L’emergenza sanitaria fa emergere ancor più il divario con il Nord
La pandemia mondiale, tristemente, ha soffiato la sua prima candelina. E l’emergenza sanitaria inizia a pesare in maniera decisiva su un Mezzogiorno già martoriato da anni di disparità con il resto dell’Italia.
Insomma, dopo circa un anno di SARS-Cov2, il Sud Italia inizia a fare i conti con i propri limiti e con l’incapacità di mantenere bassi i casi di contagio che, un anno fa, erano minimi.
Il 9 marzo 2020 l’intero Stivale viene dichiarato “zona rossa”. Siamo il primo Paese occidentale ad adottare misure restrittive severissime: lockdown totale. A quarantena iniziata, seppure siamo tutti confinati nelle abitazioni, cosa che accomuna tutti gli italiani, la percezione dell’emergenza è diversa. Da un lato ci sono le Regioni del Nord che vivono sulla propria pelle gli aspetti più devastanti della malattia; dall’altro, il Sud che vive l’emergenza quasi da spettatrice.
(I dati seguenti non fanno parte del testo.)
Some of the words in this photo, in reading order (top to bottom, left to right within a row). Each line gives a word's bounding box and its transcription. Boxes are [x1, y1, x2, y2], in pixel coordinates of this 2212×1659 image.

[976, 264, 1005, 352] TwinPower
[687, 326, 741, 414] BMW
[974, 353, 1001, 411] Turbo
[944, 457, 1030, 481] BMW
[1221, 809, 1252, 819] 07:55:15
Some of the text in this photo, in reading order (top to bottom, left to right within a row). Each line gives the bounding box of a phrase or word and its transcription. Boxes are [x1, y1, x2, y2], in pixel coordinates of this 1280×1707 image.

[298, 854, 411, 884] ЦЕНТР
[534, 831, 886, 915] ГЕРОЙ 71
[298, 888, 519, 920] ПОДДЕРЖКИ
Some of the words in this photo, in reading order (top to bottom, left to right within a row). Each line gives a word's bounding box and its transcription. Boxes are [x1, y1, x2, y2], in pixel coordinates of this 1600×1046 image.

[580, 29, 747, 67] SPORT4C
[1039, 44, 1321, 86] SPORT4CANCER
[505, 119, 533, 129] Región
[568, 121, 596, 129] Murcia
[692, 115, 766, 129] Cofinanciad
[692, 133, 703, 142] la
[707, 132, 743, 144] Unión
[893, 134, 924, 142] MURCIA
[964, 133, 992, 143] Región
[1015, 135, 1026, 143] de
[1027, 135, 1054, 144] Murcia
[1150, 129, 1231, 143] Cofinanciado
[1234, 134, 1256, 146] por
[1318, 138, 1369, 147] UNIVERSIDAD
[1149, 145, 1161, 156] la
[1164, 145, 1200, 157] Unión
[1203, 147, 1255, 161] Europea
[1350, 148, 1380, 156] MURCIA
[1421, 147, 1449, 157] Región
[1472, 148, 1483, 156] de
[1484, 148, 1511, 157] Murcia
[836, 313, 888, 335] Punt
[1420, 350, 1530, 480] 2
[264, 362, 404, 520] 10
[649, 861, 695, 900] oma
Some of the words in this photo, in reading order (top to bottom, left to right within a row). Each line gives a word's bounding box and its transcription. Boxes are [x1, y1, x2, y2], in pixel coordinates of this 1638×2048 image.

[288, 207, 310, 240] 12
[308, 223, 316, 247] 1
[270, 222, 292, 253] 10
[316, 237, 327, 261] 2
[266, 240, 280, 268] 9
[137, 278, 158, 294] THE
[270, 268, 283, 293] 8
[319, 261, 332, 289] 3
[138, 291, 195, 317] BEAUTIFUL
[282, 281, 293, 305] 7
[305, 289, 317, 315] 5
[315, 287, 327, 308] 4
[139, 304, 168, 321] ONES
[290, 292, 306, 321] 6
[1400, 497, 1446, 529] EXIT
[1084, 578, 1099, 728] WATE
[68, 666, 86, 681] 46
Il Covid c’era sì, ma era una cosa che riguardava innanzitutto il Nord. Una cosa vista alla tv: ospedali al collasso, sanitari sfiniti, malati intubati, camion militari che portano via le bare.
Nelle sue prime fasi la pandemia ha spezzato in due l’Italia. Nessuna novità, si potrebbe pensare: il nostro Bel Paese è diviso in due praticamente da sempre. I Covid non fa eccezione. Al Sud solo piccoli focolai e zone quasi Covid-free.
La quarantena sembra funzionare, il 23 giugno con soli 113 nuovi casi è il giorno in cui l’Italia registra il minimo storico giornaliero, dopo quattro mesi di ecatombe. È il segno che il nostro Paese può ripartire, l’estate è salva, via con le vacanze nelle località di mare.
È un’opportunità per risanare l’economia del Meridione, si dice ma, col senno di poi, per il Sud è stato l’inizio della fine. A fine agosto, pian piano, silenziosamente, il virus ha ripreso a diffondersi, complice anche l’abbassamento delle misure preventive.
Così, la seconda ondata non si fa attendere, il virus avanzando ed, ora, è il Sud che registra tassi di positivi e ospedalizzazioni maggiori che al Nord. La situazione si ribalta e le Regioni del Meridione ora vivono gomito a gomito con il Coronavirus.
L’Italia, mai così uguale in ogni sua parte, ora lo è. Ma le Regioni Meridionali riusciranno a reagire come le altre? Certo, gli ospedali sono pochi, non sempre ben attrezzati e con personale ridotto all’osso. Certo, le vaccinazioni procedono a rilento. Certo, l’economia del Sud fa più fatica, perché risente di una crisi antecedente. Ma è certo anche che il Sud non ha fatto tesoro dell’esperienza del Nord. Ha dilapidato i sacrifici compiuti durante il lockdown della scorsa primavera. Da ottobre 2020 l’impennata dei contagi diventa, ogni giorno, sempre più severa e preoccupante. Eppure non si rinuncia ad affollare i negozi per lo shopping natalizio. Si arriva ad un Natale castigato, con limitazioni persino nei contatti con i familiari. Ma, nulla. Soprattutto al Sud, dopo le feste, il numero dei nuovi positivi prosegue la sua ascesa. E ancora oggi non accenna a placarsi.
Da Nord a Sud, il Covid non ci ha spinto a migliorarci, a risolvere quei problemi che da decenni facciamo finta non esistano. Ha, invece, messo in evidenza ciò che tutti conoscevamo già: esiste un divario tra Nord e Sud, una sproporzione nei servizi, una differenza sostanziale nei trasporti, la quasi assenza di opportunità per i giovani.
Il virus ci ha tolto tanto, da Sud a Nord. Potrebbe, però, regalarci un cambio di passo. Solo se sapremo combatterlo rispettando regole e limitazioni. Al di là della localizzazione geografica e di ogni banale egoismo.